### Required work:
Please copy the entries below word for word, leaving out any image.

### Provided material:
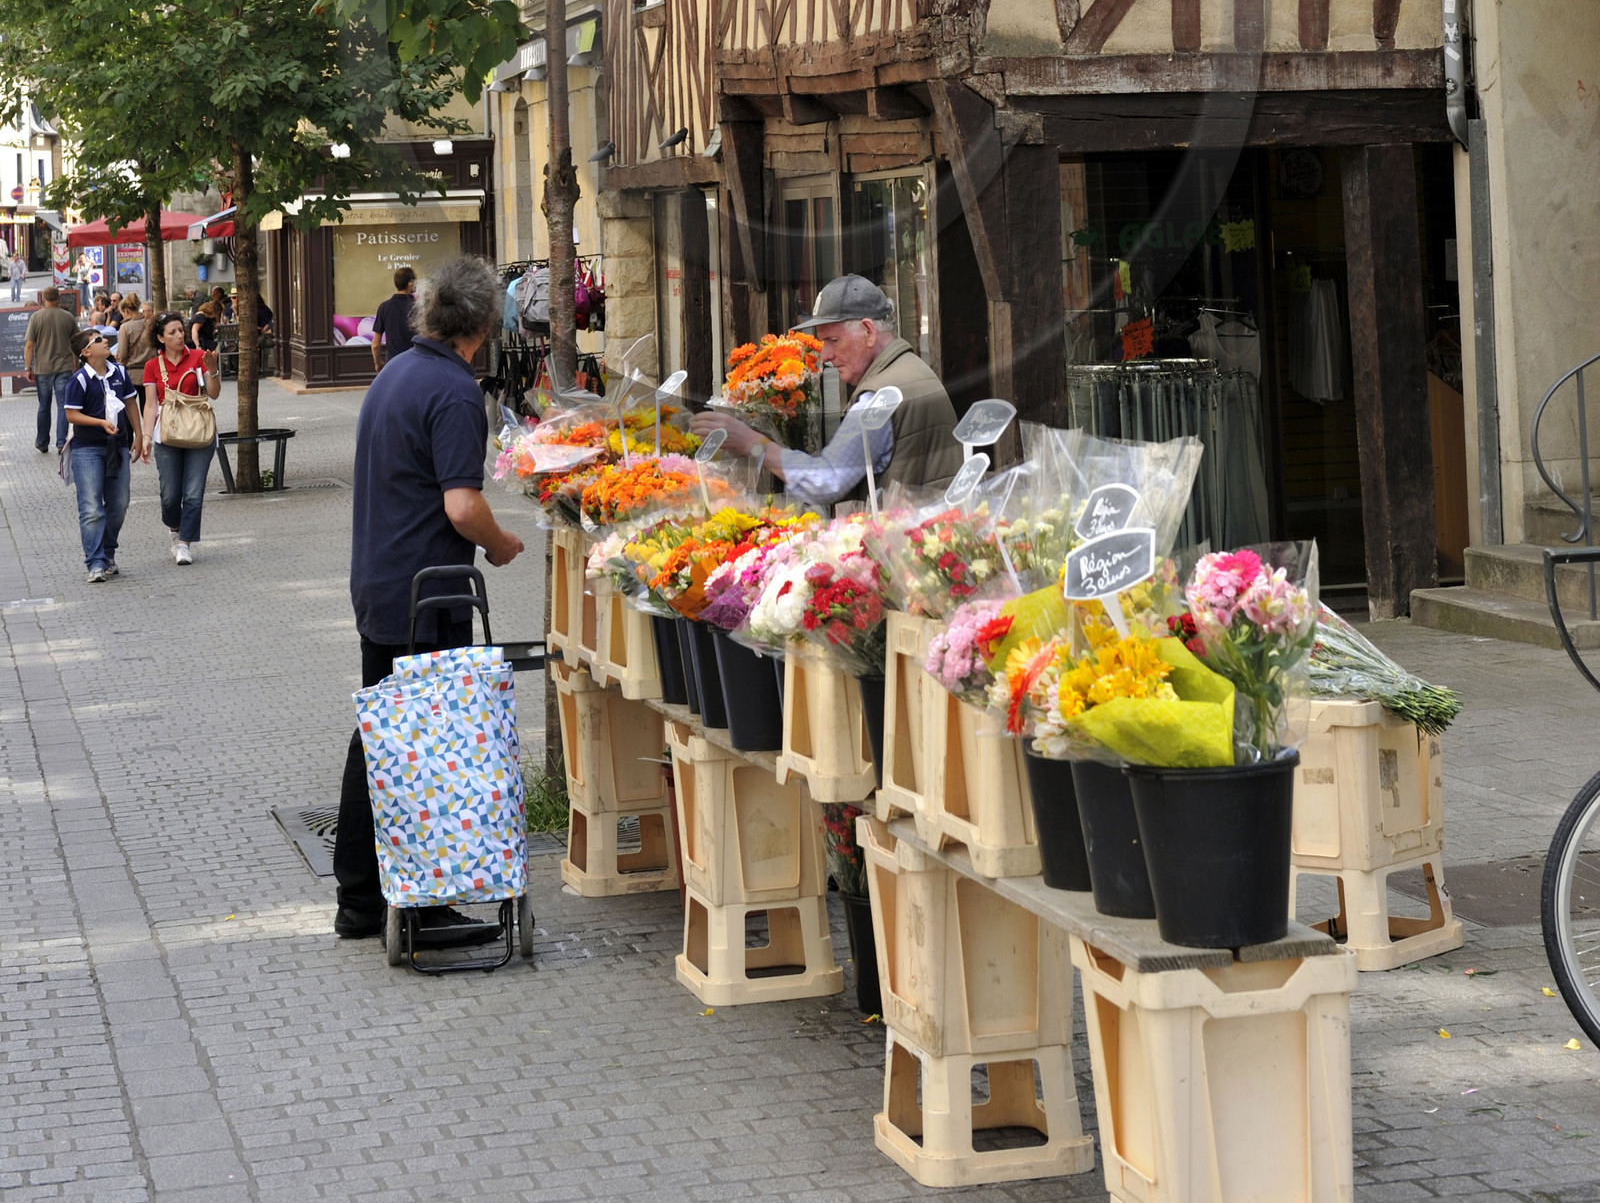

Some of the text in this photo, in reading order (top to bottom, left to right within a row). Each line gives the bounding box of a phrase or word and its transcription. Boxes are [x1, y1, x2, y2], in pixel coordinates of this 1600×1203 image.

[356, 229, 439, 245] Pâtisserie
[377, 253, 421, 262] Le Grenier
[1080, 544, 1142, 581] Région
[1081, 577, 1097, 597] 3

### Answer to this exercise:
Some of the text in this photo, in reading order (top to bottom, left to right within a row). Each line gives the bounding box of a phrase or word and its transcription. Boxes are [x1, y1, x2, y2], in pixel coordinates of this 1600×1203 image.

[356, 229, 439, 245] Pâtisserie
[377, 253, 421, 262] Le Grenier
[1080, 544, 1142, 581] Région
[1081, 577, 1097, 597] 3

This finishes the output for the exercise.